Exercise requirements: Would you transcribe each entry that follows word for word, minus the images?

BEGIN

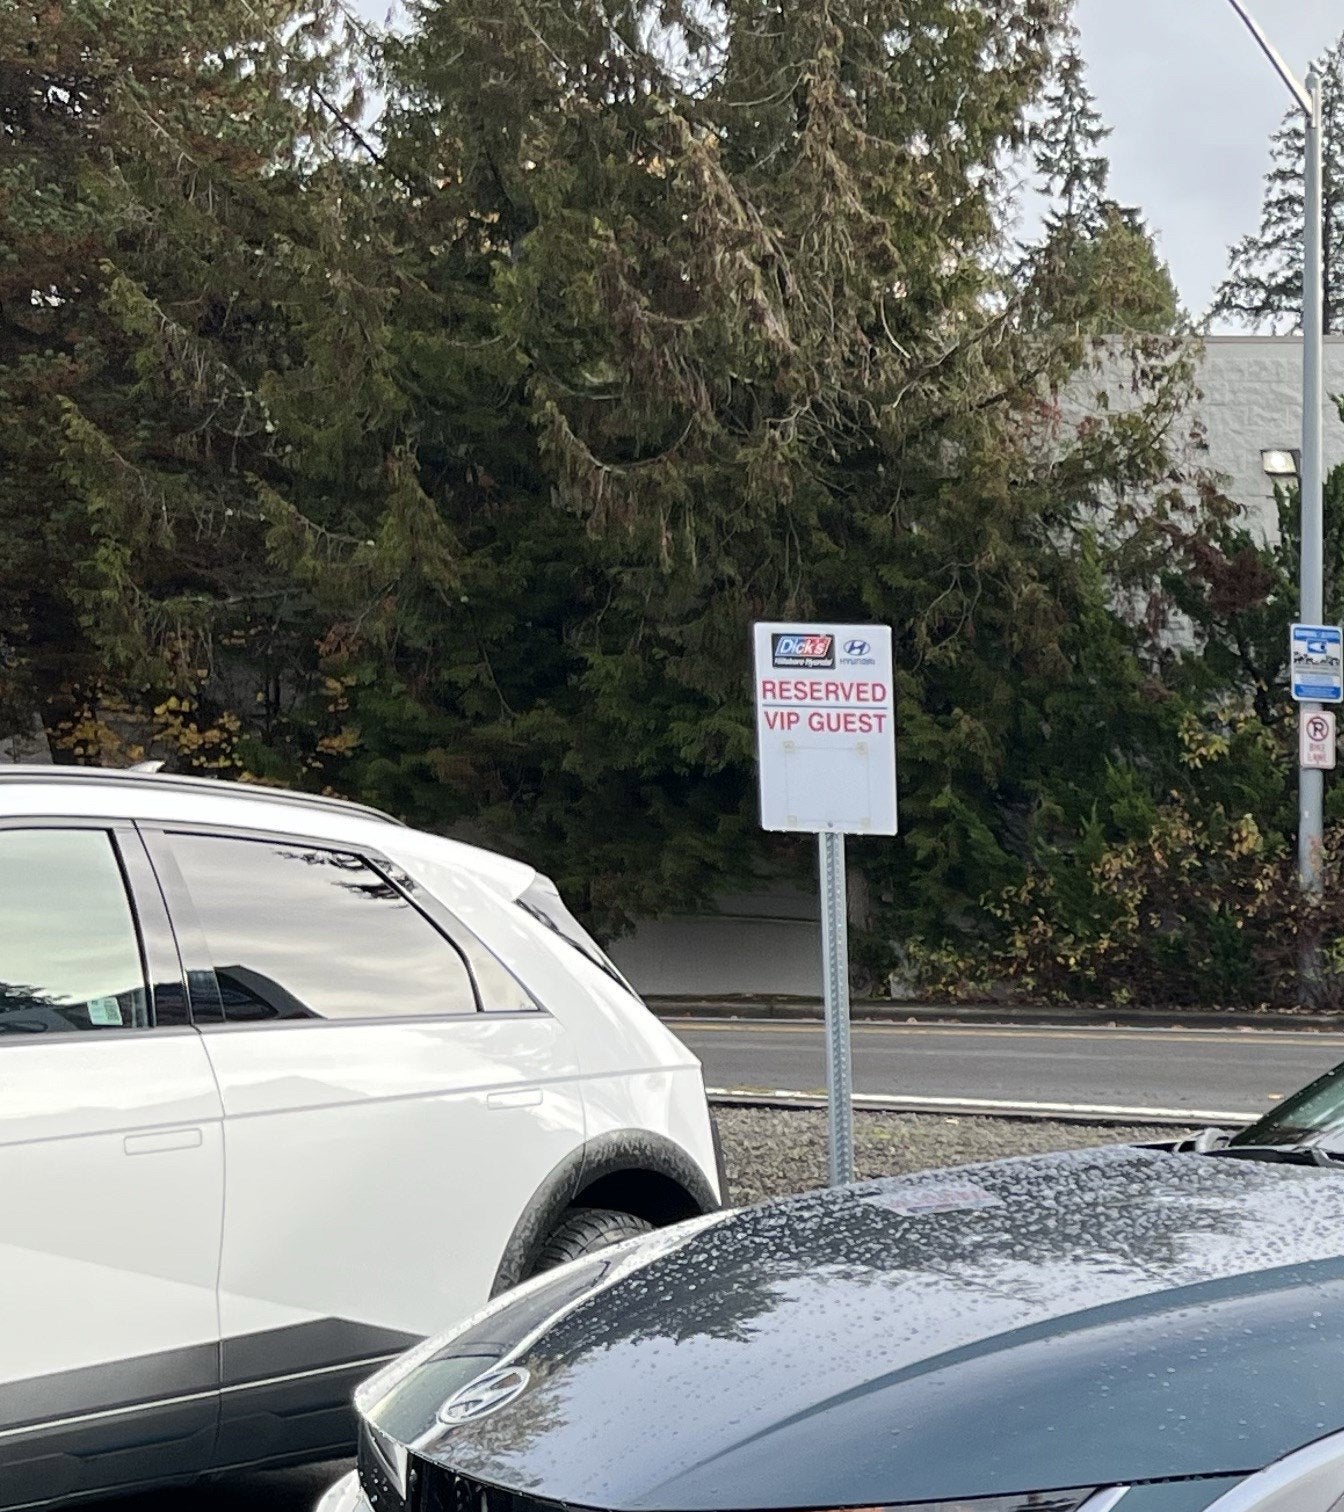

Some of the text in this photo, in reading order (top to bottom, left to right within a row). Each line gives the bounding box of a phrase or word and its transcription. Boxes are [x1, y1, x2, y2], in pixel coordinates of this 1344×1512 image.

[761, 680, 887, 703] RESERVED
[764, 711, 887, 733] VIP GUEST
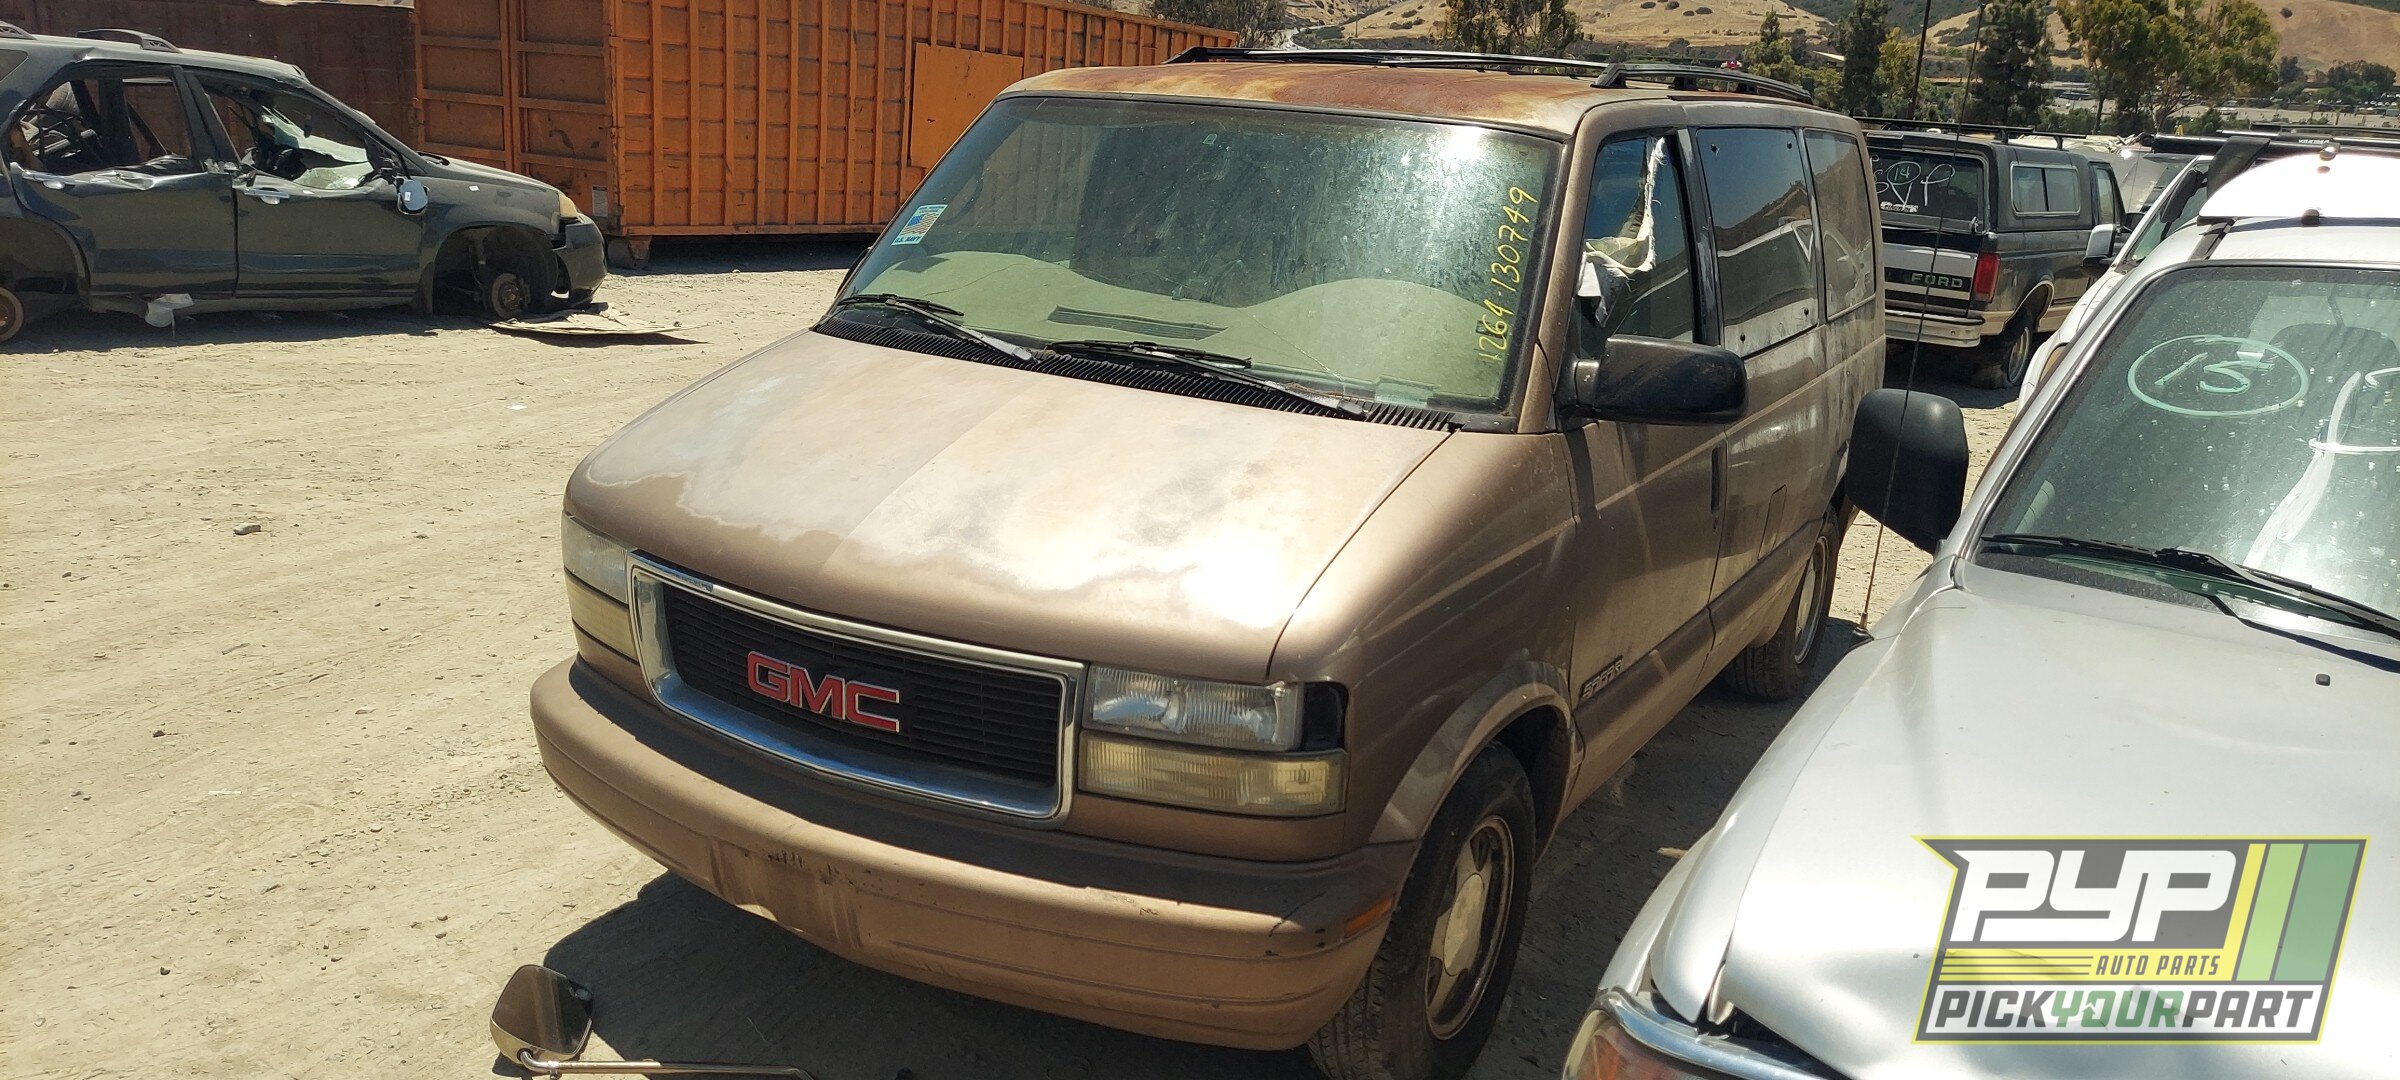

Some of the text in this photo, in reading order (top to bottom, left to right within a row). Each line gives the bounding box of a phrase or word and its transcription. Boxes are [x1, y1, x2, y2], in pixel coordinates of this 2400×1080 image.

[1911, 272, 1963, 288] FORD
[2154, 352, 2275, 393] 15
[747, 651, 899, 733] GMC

END

Exercise output:
Some of the text in this photo, in reading order (top to bottom, left to right within a row). Each line gives the bounding box of a phrase or word and its transcription. Boxes are [x1, y1, x2, y2], in pixel coordinates of this 1344×1512 image.

[761, 680, 887, 703] RESERVED
[764, 711, 887, 733] VIP GUEST

Some of the text in this photo, in reading order (top to bottom, left to right within a row). Each line gives the bounding box of a phrase or word and its transcription. Boxes are [x1, y1, x2, y2], in pixel coordinates of this 2400×1080 image.

[1911, 272, 1963, 288] FORD
[2154, 352, 2275, 393] 15
[747, 651, 899, 733] GMC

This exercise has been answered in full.